Nothing but the records, transcribed exactly, should appear in the answer; leave the pictures out.

Records for the exercise |
********************

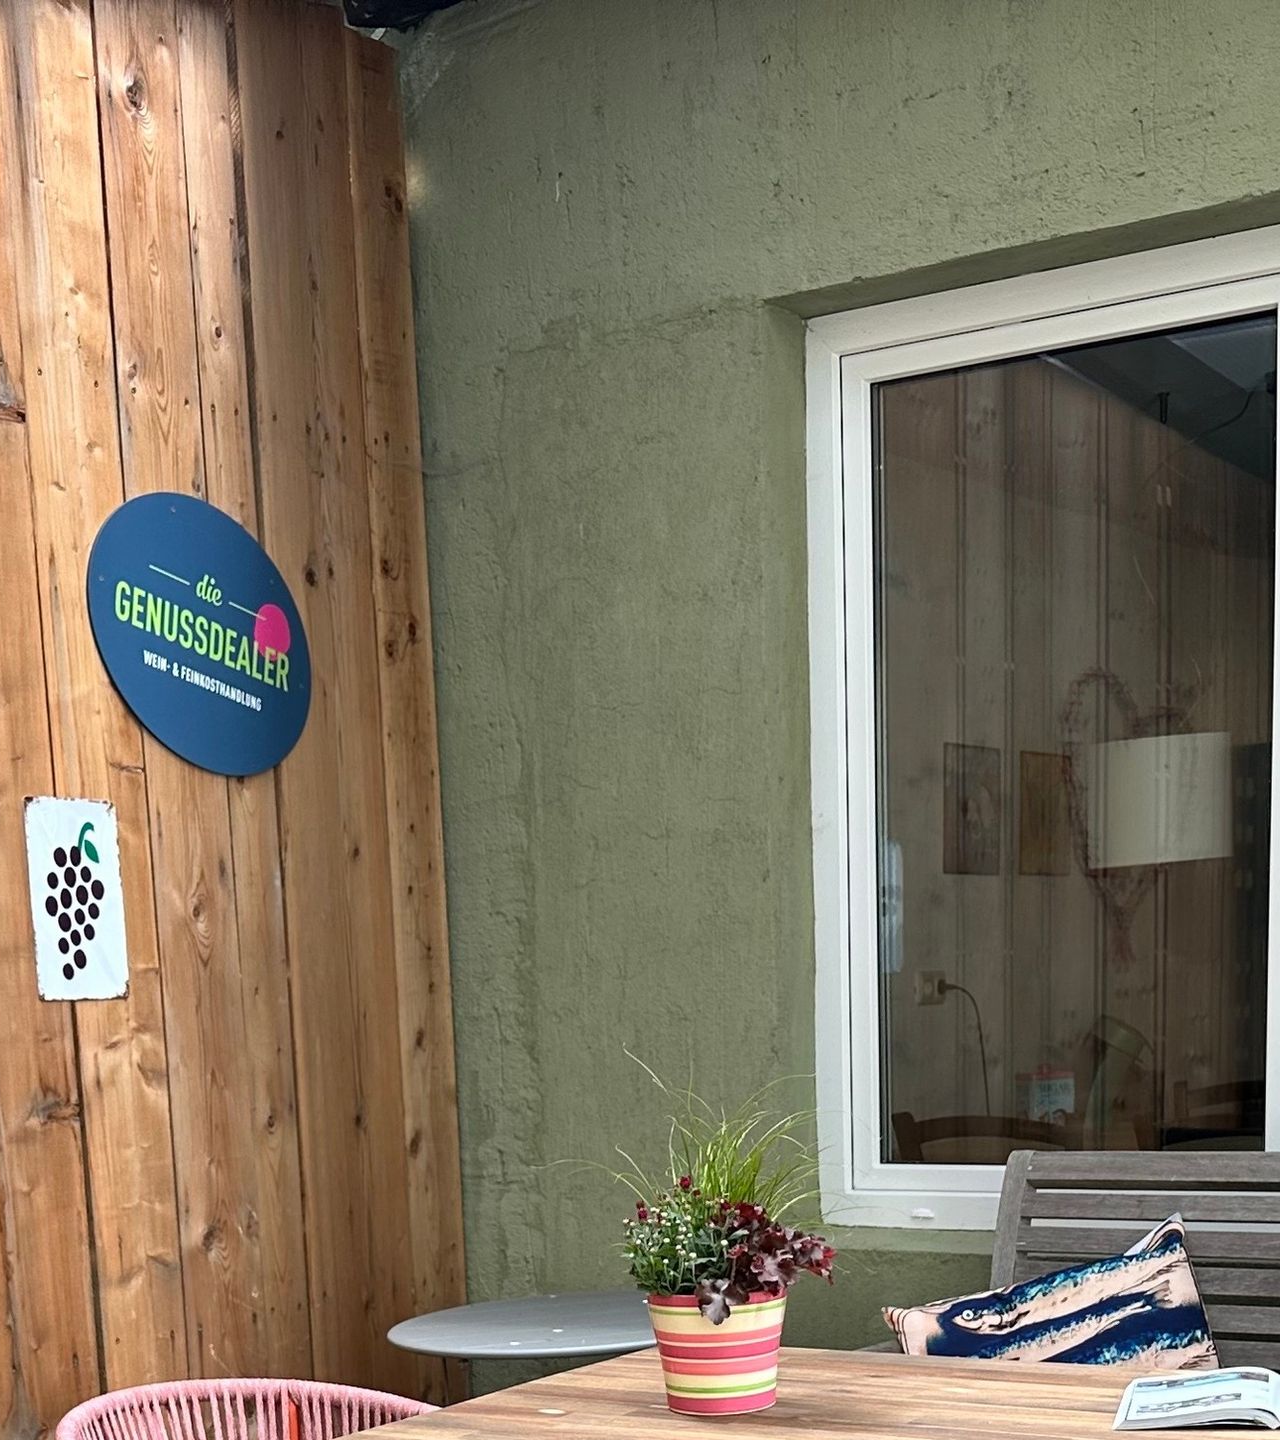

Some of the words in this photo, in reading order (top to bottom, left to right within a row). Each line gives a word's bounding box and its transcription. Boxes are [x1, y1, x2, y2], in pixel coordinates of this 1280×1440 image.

[196, 574, 222, 606] die
[114, 581, 289, 693] GENUSSDEALER
[143, 649, 170, 673] WEIN-
[172, 661, 180, 677] &
[180, 665, 262, 712] FEINKOSTHANDLUNG
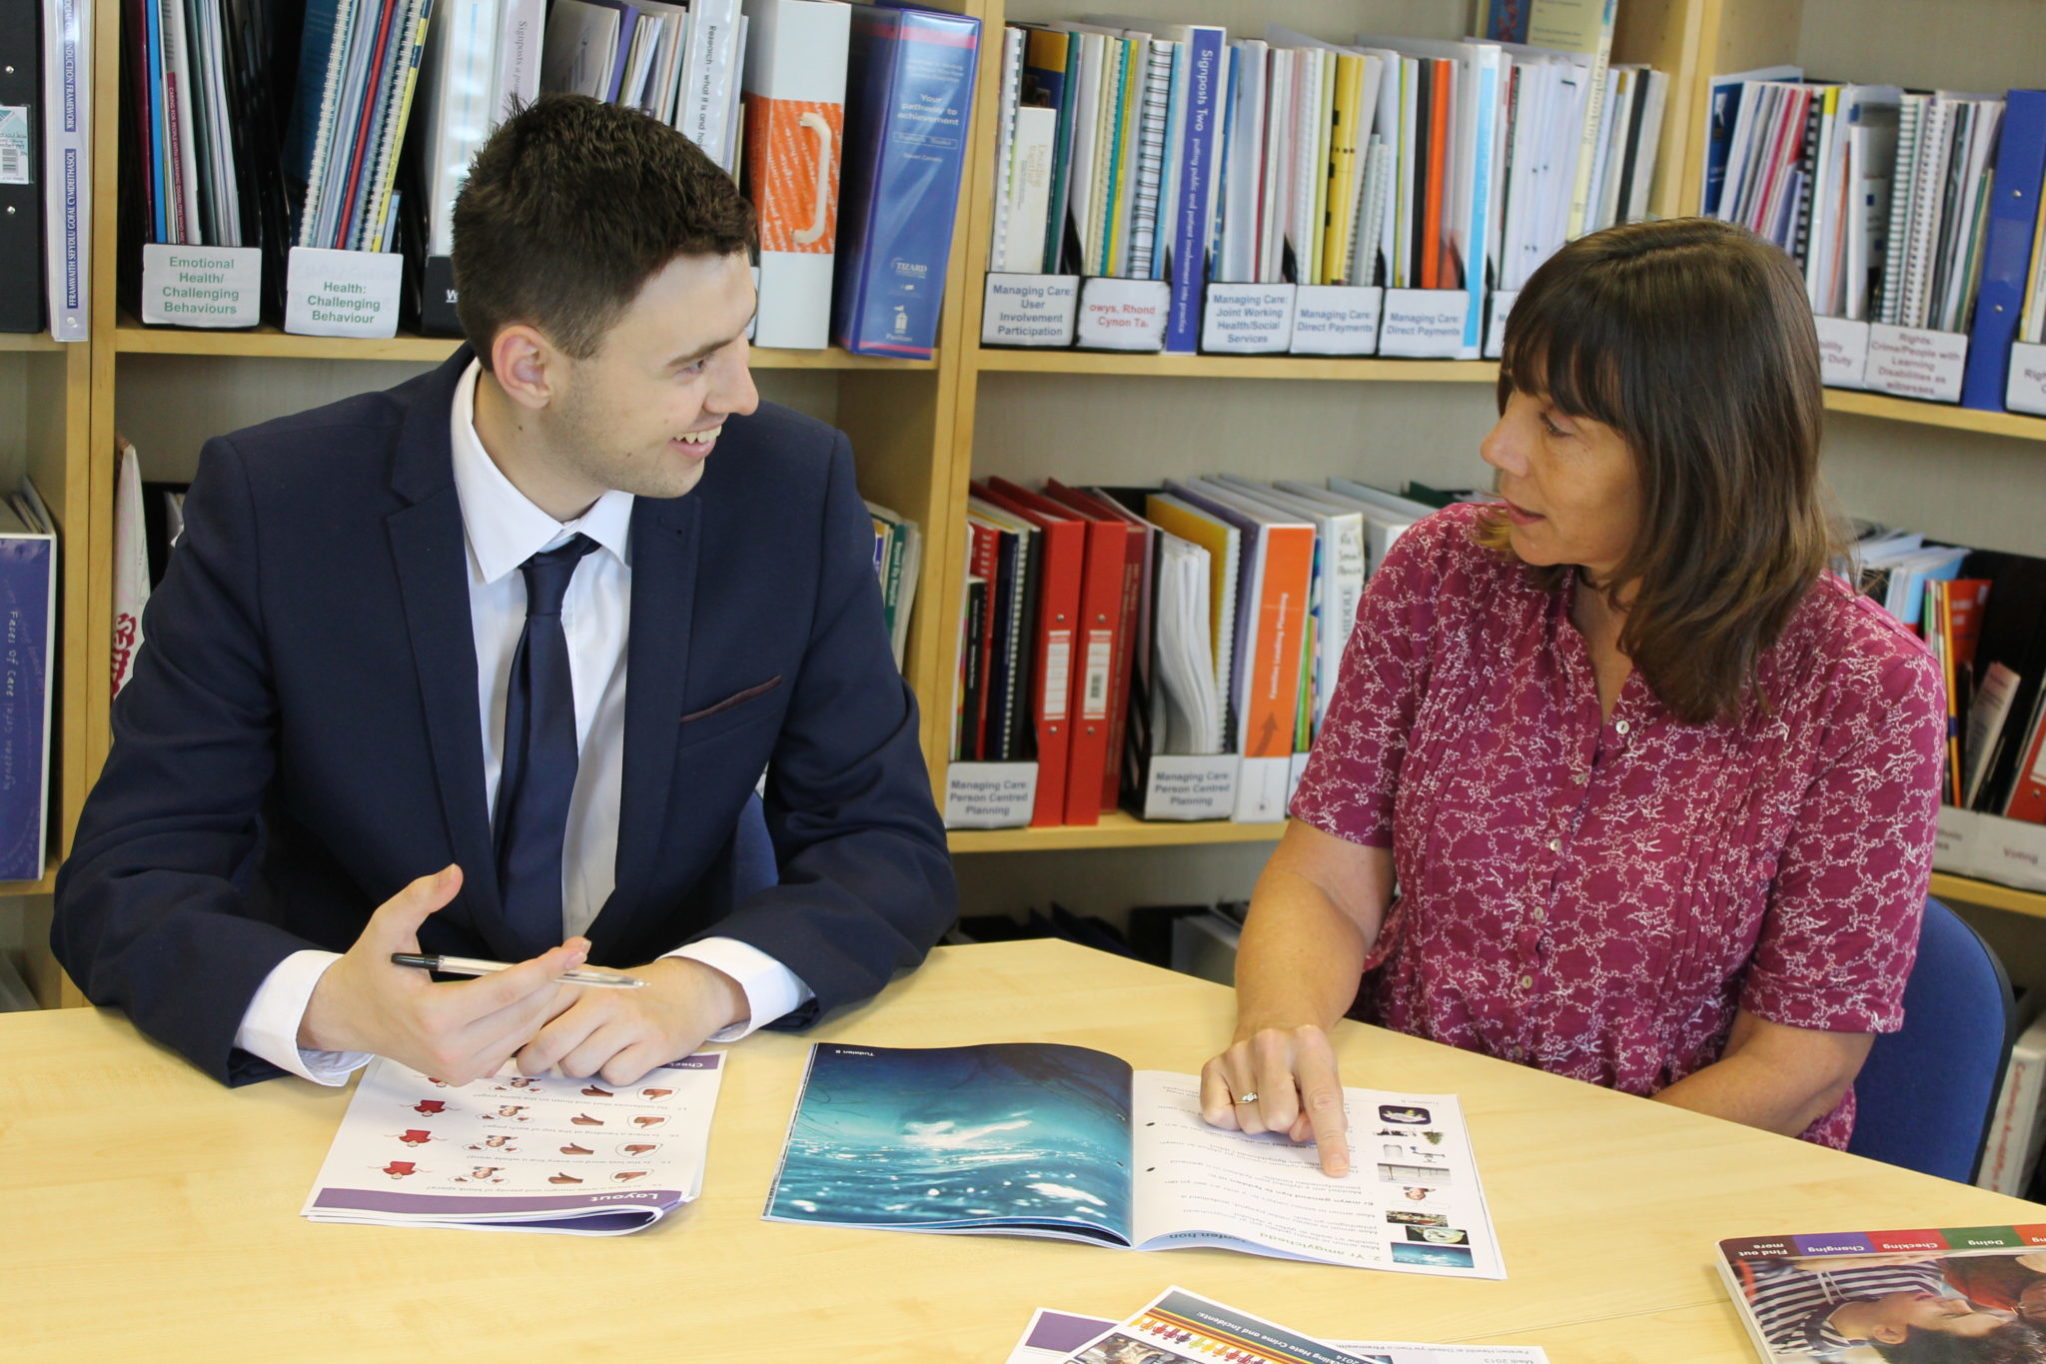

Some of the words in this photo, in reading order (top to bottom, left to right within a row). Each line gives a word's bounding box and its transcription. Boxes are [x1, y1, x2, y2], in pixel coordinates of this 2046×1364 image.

[705, 25, 717, 65] Research
[1196, 49, 1214, 105] Signposts
[702, 74, 711, 96] what
[920, 93, 944, 103] Your
[65, 85, 75, 129] FRAMEWORK
[947, 107, 958, 116] to
[698, 113, 707, 130] and
[897, 111, 960, 126] achievement
[1194, 108, 1209, 132] Two
[1191, 138, 1202, 166] putting
[1189, 167, 1201, 192] public
[1189, 193, 1198, 209] and
[67, 207, 76, 229] GOFAL
[1186, 210, 1196, 238] patient
[169, 256, 234, 269] Emotional
[896, 262, 928, 272] TIZARD
[1182, 239, 1195, 285] involvement
[179, 272, 225, 283] Health/
[162, 286, 239, 302] Challenging
[993, 285, 1044, 297] Managing
[307, 295, 381, 312] Challenging
[1021, 299, 1045, 309] User
[1213, 295, 1261, 305] Managing
[164, 301, 237, 314] Behaviours
[1216, 308, 1241, 317] Joint
[1244, 308, 1283, 318] Working
[312, 310, 375, 323] Behaviour
[1000, 312, 1063, 323] Involvement
[1178, 302, 1188, 334] practice
[1300, 309, 1347, 320] Managing
[1391, 313, 1435, 324] Managing
[1098, 316, 1131, 327] Cynon
[1217, 321, 1280, 330] Health/Social
[1297, 321, 1326, 331] Direct
[1329, 322, 1373, 333] Payments
[998, 325, 1063, 337] Participation
[1387, 325, 1415, 334] Direct
[1418, 326, 1461, 337] Payments
[1227, 334, 1268, 343] Services
[1939, 351, 1961, 360] with
[1891, 356, 1936, 372] Learning
[7, 610, 18, 644] Faces
[1155, 771, 1204, 783] Managing
[951, 780, 1001, 792] Managing
[1155, 784, 1190, 793] Person
[1192, 783, 1231, 793] Centred
[950, 792, 986, 802] Person
[989, 792, 1028, 802] Centred
[1170, 796, 1213, 806] Planning
[965, 805, 1010, 816] Planning
[589, 1191, 659, 1202] Layout
[1752, 1242, 1785, 1250] more
[1882, 1242, 1938, 1252] Checking
[1968, 1239, 2005, 1247] Doing
[1738, 1249, 1758, 1257] out
[1761, 1248, 1788, 1257] Find
[1807, 1244, 1866, 1255] Changing
[1241, 1328, 1261, 1338] and
[1261, 1334, 1288, 1348] Crime

********************

Output |
Some of the words in this photo, in reading order (top to bottom, left to right within a row). Each line gives a word's bounding box and its transcription. Boxes are [x1, y1, x2, y2], in pixel coordinates of this 1280×1440 image.

[196, 574, 222, 606] die
[114, 581, 289, 693] GENUSSDEALER
[143, 649, 170, 673] WEIN-
[172, 661, 180, 677] &
[180, 665, 262, 712] FEINKOSTHANDLUNG

Some of the words in this photo, in reading order (top to bottom, left to right within a row). Each line gives a word's bounding box and its transcription. Boxes are [x1, y1, x2, y2], in pixel coordinates of this 2046×1364 image.

[705, 25, 717, 65] Research
[1196, 49, 1214, 105] Signposts
[702, 74, 711, 96] what
[920, 93, 944, 103] Your
[65, 85, 75, 129] FRAMEWORK
[947, 107, 958, 116] to
[698, 113, 707, 130] and
[897, 111, 960, 126] achievement
[1194, 108, 1209, 132] Two
[1191, 138, 1202, 166] putting
[1189, 167, 1201, 192] public
[1189, 193, 1198, 209] and
[67, 207, 76, 229] GOFAL
[1186, 210, 1196, 238] patient
[169, 256, 234, 269] Emotional
[896, 262, 928, 272] TIZARD
[1182, 239, 1195, 285] involvement
[179, 272, 225, 283] Health/
[162, 286, 239, 302] Challenging
[993, 285, 1044, 297] Managing
[307, 295, 381, 312] Challenging
[1021, 299, 1045, 309] User
[1213, 295, 1261, 305] Managing
[164, 301, 237, 314] Behaviours
[1216, 308, 1241, 317] Joint
[1244, 308, 1283, 318] Working
[312, 310, 375, 323] Behaviour
[1000, 312, 1063, 323] Involvement
[1178, 302, 1188, 334] practice
[1300, 309, 1347, 320] Managing
[1391, 313, 1435, 324] Managing
[1098, 316, 1131, 327] Cynon
[1217, 321, 1280, 330] Health/Social
[1297, 321, 1326, 331] Direct
[1329, 322, 1373, 333] Payments
[998, 325, 1063, 337] Participation
[1387, 325, 1415, 334] Direct
[1418, 326, 1461, 337] Payments
[1227, 334, 1268, 343] Services
[1939, 351, 1961, 360] with
[1891, 356, 1936, 372] Learning
[7, 610, 18, 644] Faces
[1155, 771, 1204, 783] Managing
[951, 780, 1001, 792] Managing
[1155, 784, 1190, 793] Person
[1192, 783, 1231, 793] Centred
[950, 792, 986, 802] Person
[989, 792, 1028, 802] Centred
[1170, 796, 1213, 806] Planning
[965, 805, 1010, 816] Planning
[589, 1191, 659, 1202] Layout
[1752, 1242, 1785, 1250] more
[1882, 1242, 1938, 1252] Checking
[1968, 1239, 2005, 1247] Doing
[1738, 1249, 1758, 1257] out
[1761, 1248, 1788, 1257] Find
[1807, 1244, 1866, 1255] Changing
[1241, 1328, 1261, 1338] and
[1261, 1334, 1288, 1348] Crime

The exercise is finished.